• _AIM OF THE EXERCISE_
The records below need to be repeated exactly, with every picture left out.

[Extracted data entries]
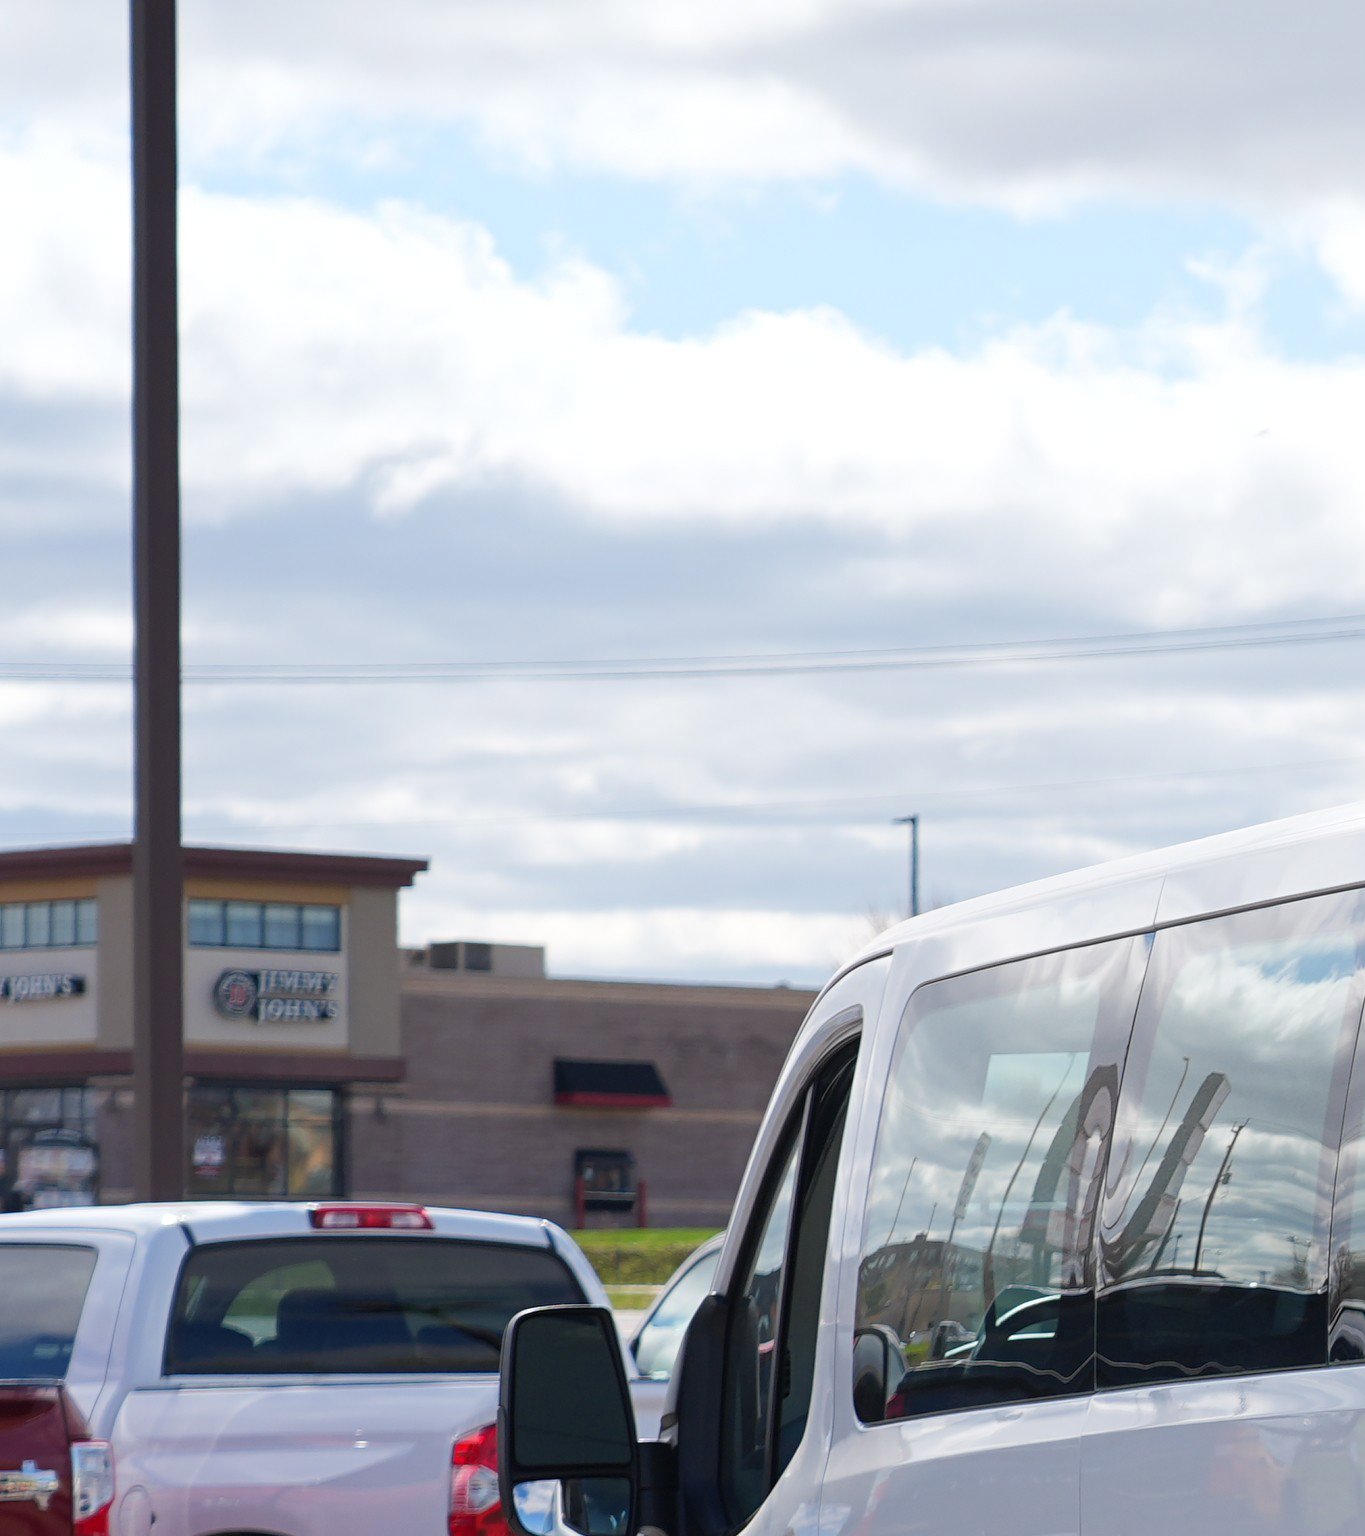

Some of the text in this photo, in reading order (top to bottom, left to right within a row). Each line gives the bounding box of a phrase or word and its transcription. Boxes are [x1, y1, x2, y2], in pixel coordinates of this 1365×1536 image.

[9, 974, 73, 1005] JOHN'S
[258, 970, 338, 993] JIMMY
[257, 998, 338, 1023] JOHN'S
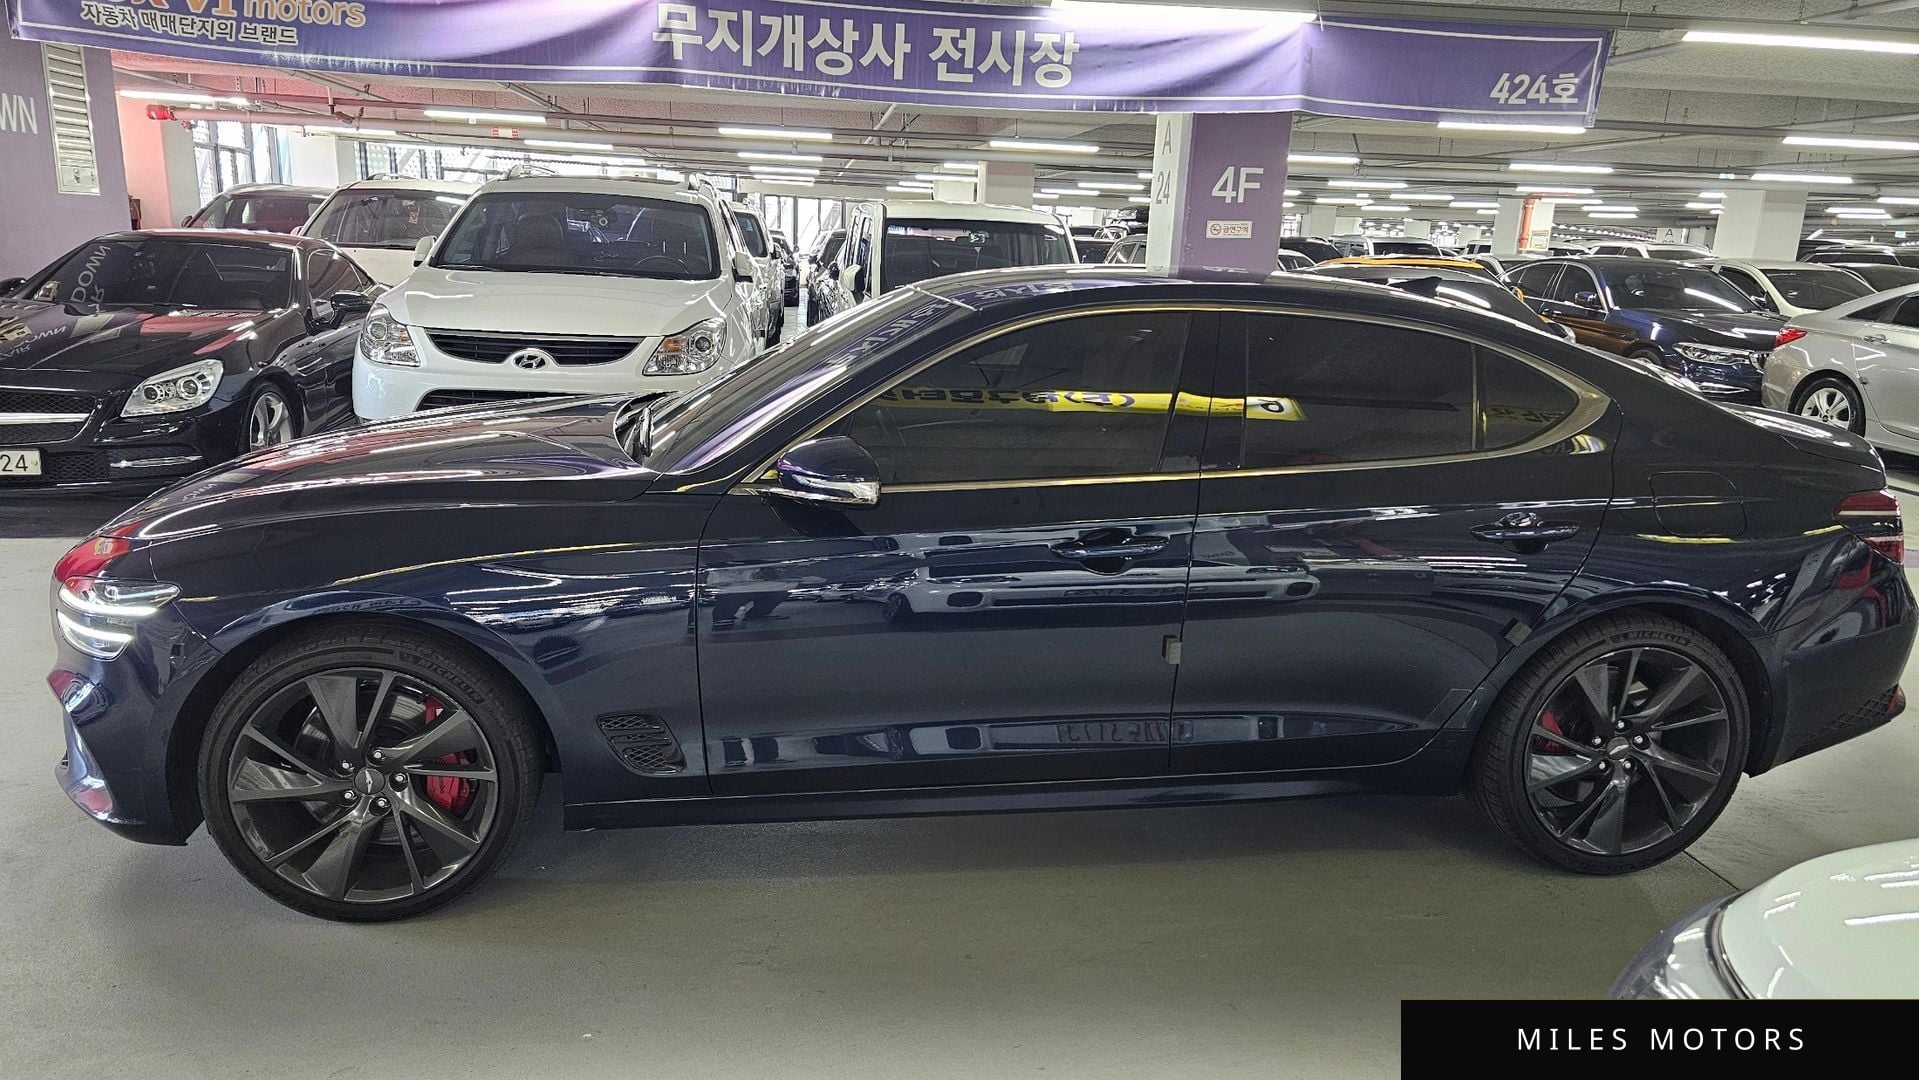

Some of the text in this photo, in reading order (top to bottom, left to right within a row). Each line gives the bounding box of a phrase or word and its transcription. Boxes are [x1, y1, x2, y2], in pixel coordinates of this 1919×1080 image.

[82, 3, 138, 29] 자동차
[140, 10, 236, 40] 매매단지의
[240, 23, 298, 45] 브랜드
[244, 0, 366, 27] motors
[652, 3, 1080, 89] 무지개상사 전시장
[1489, 72, 1580, 105] 424호
[1161, 119, 1172, 155] A
[1155, 170, 1171, 205] 24
[1211, 166, 1265, 203] 4F
[0, 454, 28, 472] 24
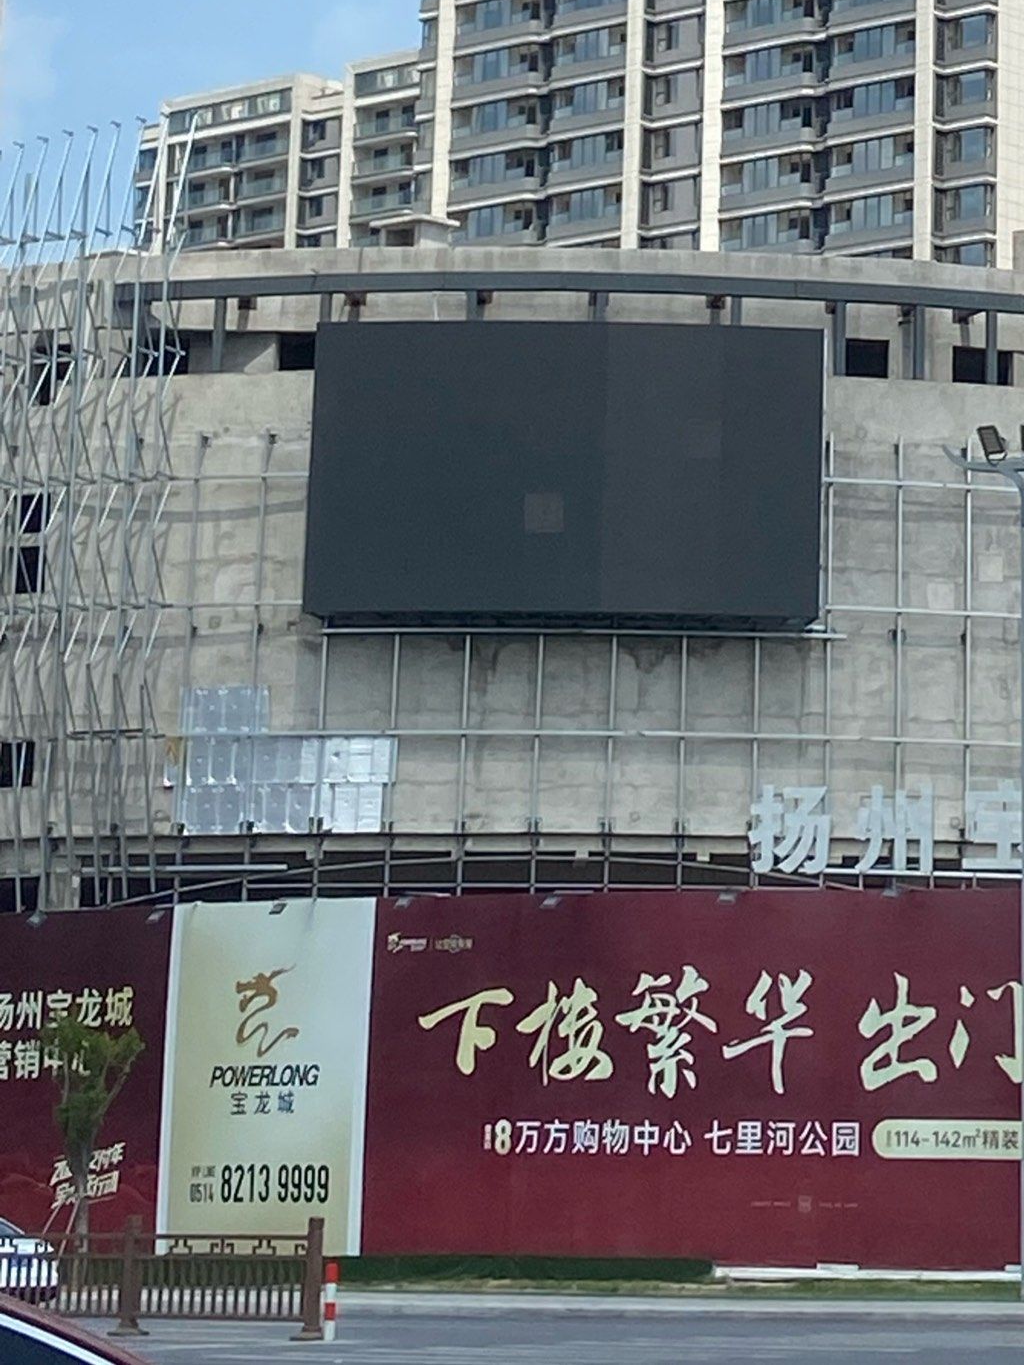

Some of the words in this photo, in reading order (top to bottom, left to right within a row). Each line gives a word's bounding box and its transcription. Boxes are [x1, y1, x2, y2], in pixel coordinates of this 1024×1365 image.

[209, 1064, 320, 1088] POWERLONG
[231, 1090, 295, 1115] 宝龙城
[704, 1120, 860, 1157] 七里河公园
[221, 1164, 270, 1204] 8213
[277, 1164, 330, 1204] 9999

• _RESULT FOR THIS TASK_
Some of the text in this photo, in reading order (top to bottom, left to right within a row). Each line gives the bounding box of a phrase or word and its transcription. Boxes are [x1, y1, x2, y2], in pixel coordinates of this 1365×1536 image.

[9, 974, 73, 1005] JOHN'S
[258, 970, 338, 993] JIMMY
[257, 998, 338, 1023] JOHN'S

Some of the text in this photo, in reading order (top to bottom, left to right within a row). Each line gives the bounding box of a phrase or word and its transcription. Boxes are [x1, y1, x2, y2], in pixel coordinates of this 1919×1080 image.

[82, 3, 138, 29] 자동차
[140, 10, 236, 40] 매매단지의
[240, 23, 298, 45] 브랜드
[244, 0, 366, 27] motors
[652, 3, 1080, 89] 무지개상사 전시장
[1489, 72, 1580, 105] 424호
[1161, 119, 1172, 155] A
[1155, 170, 1171, 205] 24
[1211, 166, 1265, 203] 4F
[0, 454, 28, 472] 24

Some of the words in this photo, in reading order (top to bottom, left to right within a row). Each line gives a word's bounding box and its transcription. Boxes are [x1, y1, x2, y2], in pixel coordinates of this 1024×1365 image.

[209, 1064, 320, 1088] POWERLONG
[231, 1090, 295, 1115] 宝龙城
[704, 1120, 860, 1157] 七里河公园
[221, 1164, 270, 1204] 8213
[277, 1164, 330, 1204] 9999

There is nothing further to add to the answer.